Prostaglandin in the peripheral plasma of tammar wallabies during parturition.


Tammar wallabies (Macropus eugenii) were observed for 7 days, 24 h/day, at the expected time of birth in two consecutive breeding seasons. Blood was collected from the lateral tail vein 1-2 days before birth, then at 10- to 20-min intervals in the peripartum period and less frequently to 30-h post partum. Plasma was assayed for the prostaglandin metabolite 13,14-dihydro-15-oxo-prostaglandin F2 alpha (PGFM), progesterone and LH. An assay for PGFM was validated which allows direct measurement in 100 microliter unextracted plasma with a sensitivity of 0.14 nmol/l (50 pg/ml). There was a short-lived peak of PGFM immediately before or at birth (7.15 +/- 2.52 nmol/l; 2536 +/- 892 pg/ml) which declined to less than 0.28 nmol/l (100 pg/ml) within 2-h post partum.
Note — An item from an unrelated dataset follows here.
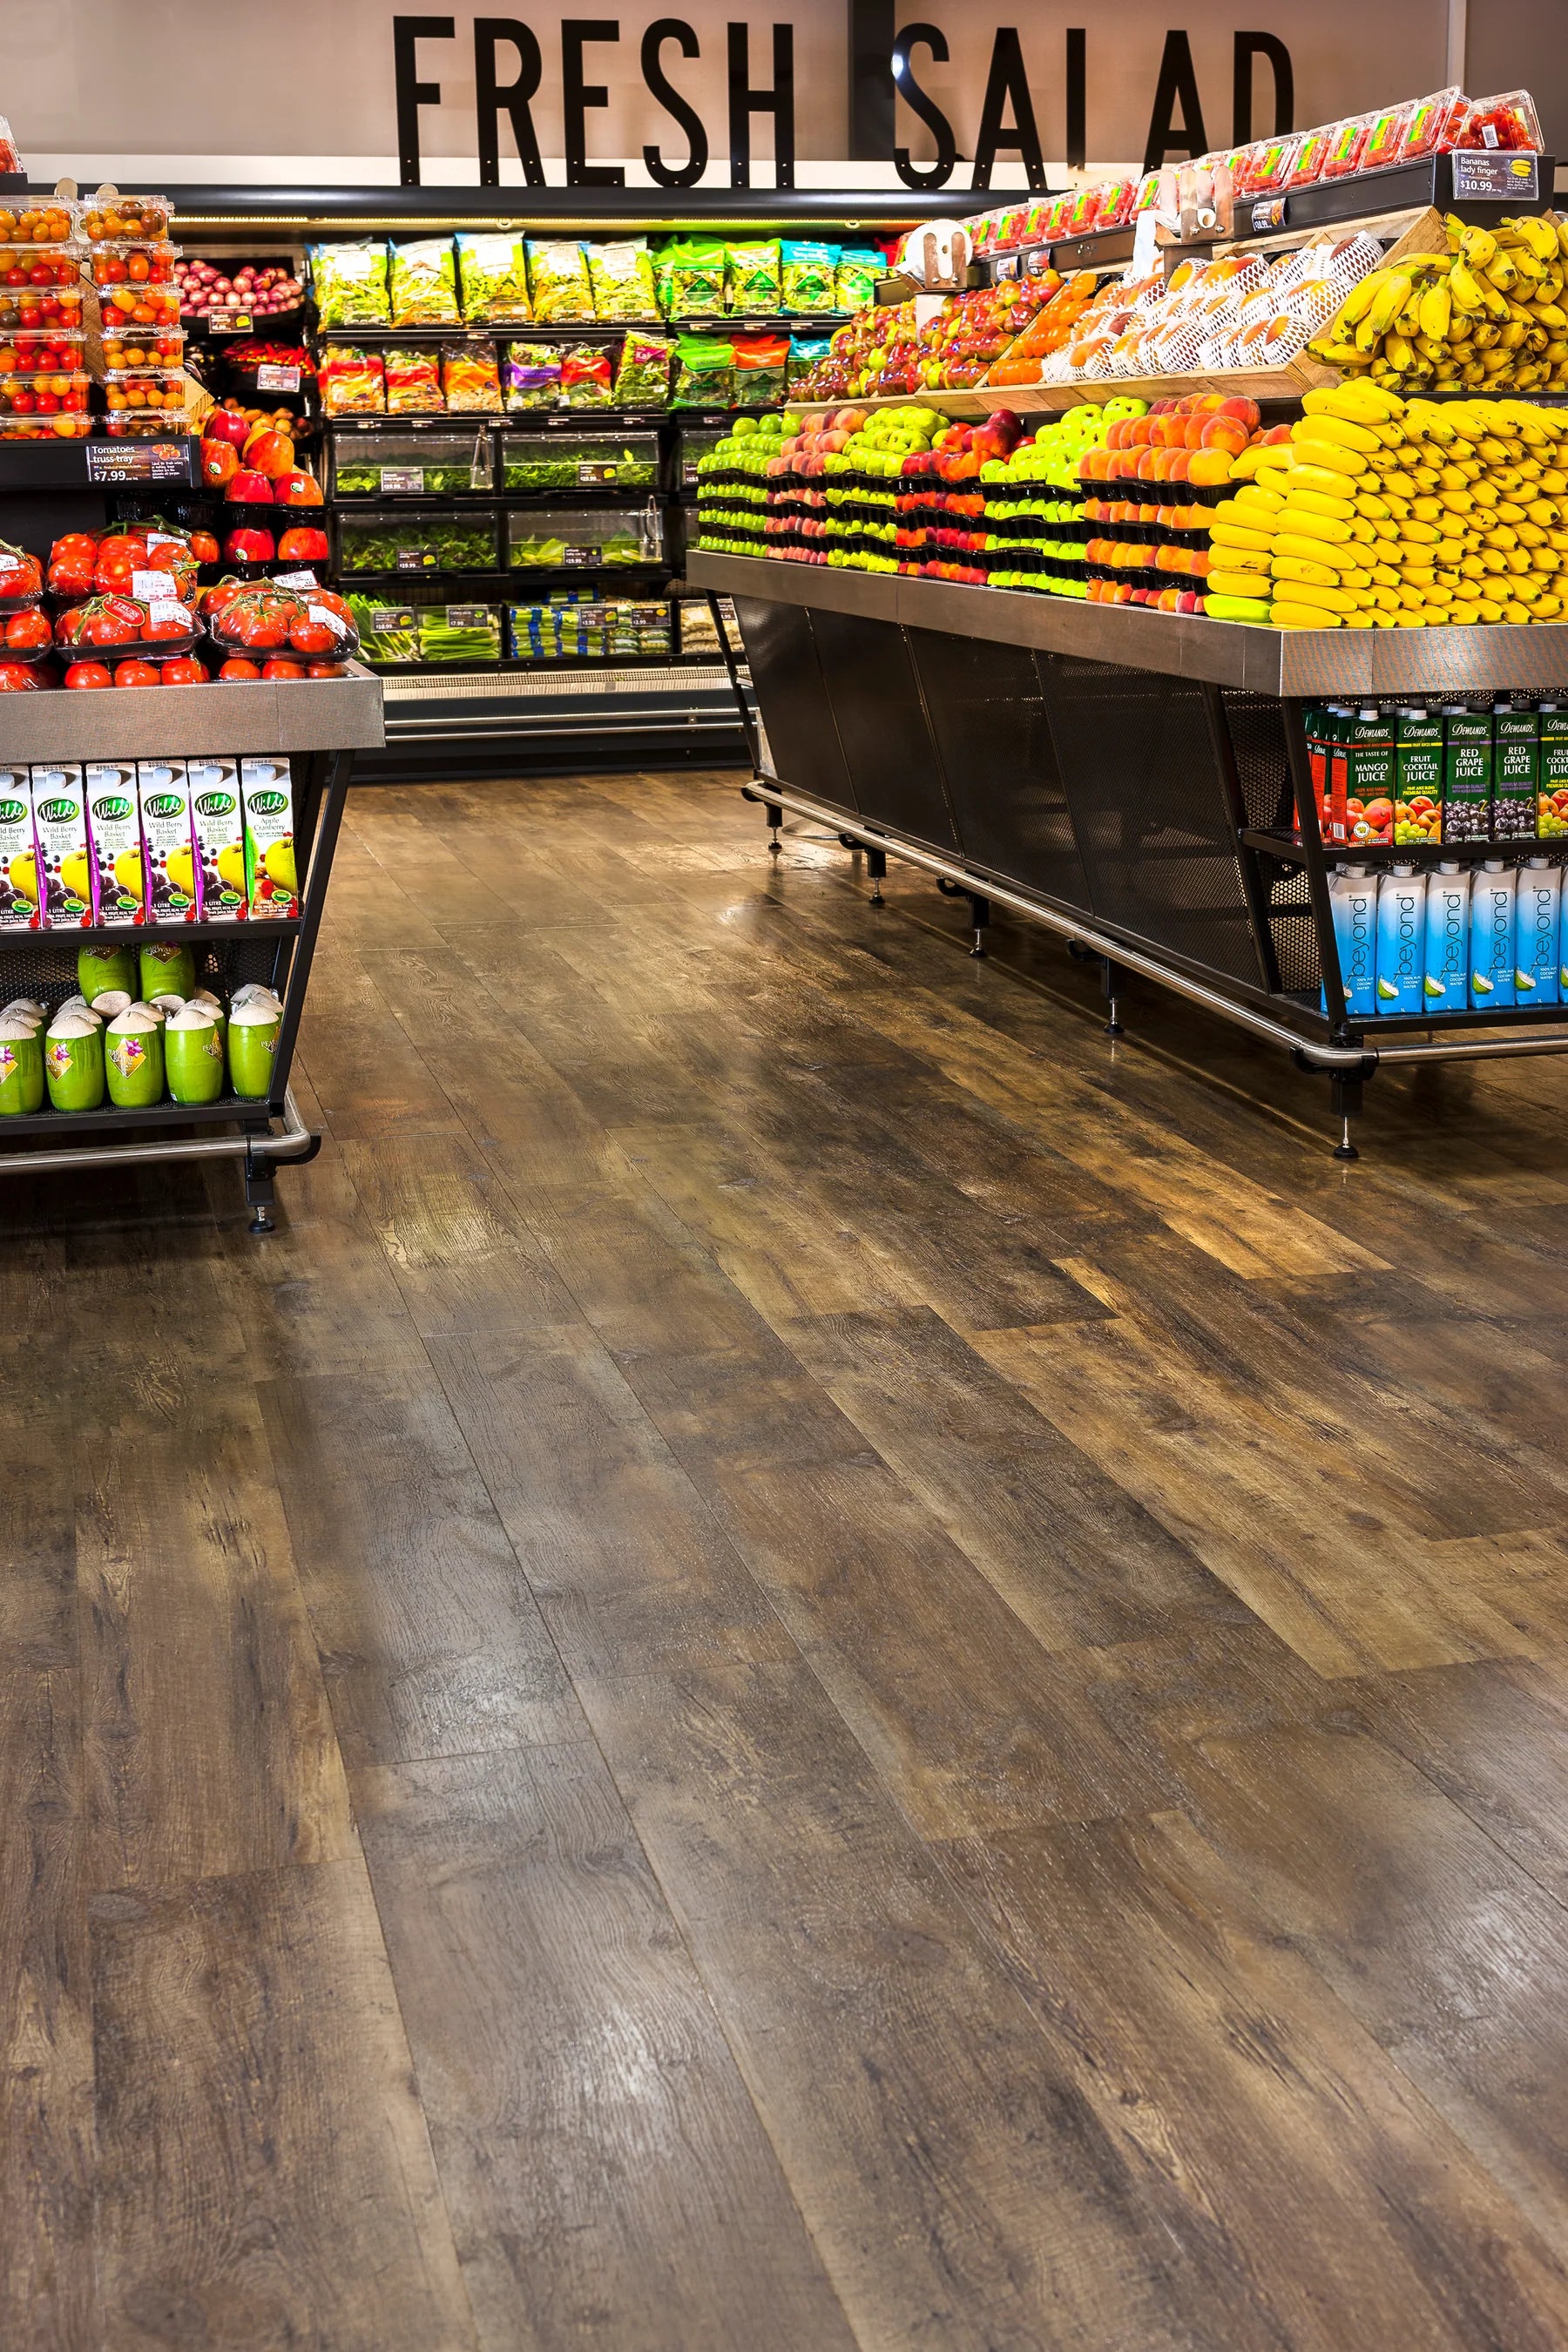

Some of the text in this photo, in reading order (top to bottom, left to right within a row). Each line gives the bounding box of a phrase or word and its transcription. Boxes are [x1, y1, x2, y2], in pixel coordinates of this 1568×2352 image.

Progesterone concentrations declined about the time of birth, coincident with the peak of PGFM, and reached levels observed in lactationally quiescent animals by 16-h post partum, which was also the time of the LH peak. The transient prostaglandin pulse was detected only by frequent sampling and suggests that, as in other mammals, prostaglandin is important in parturition.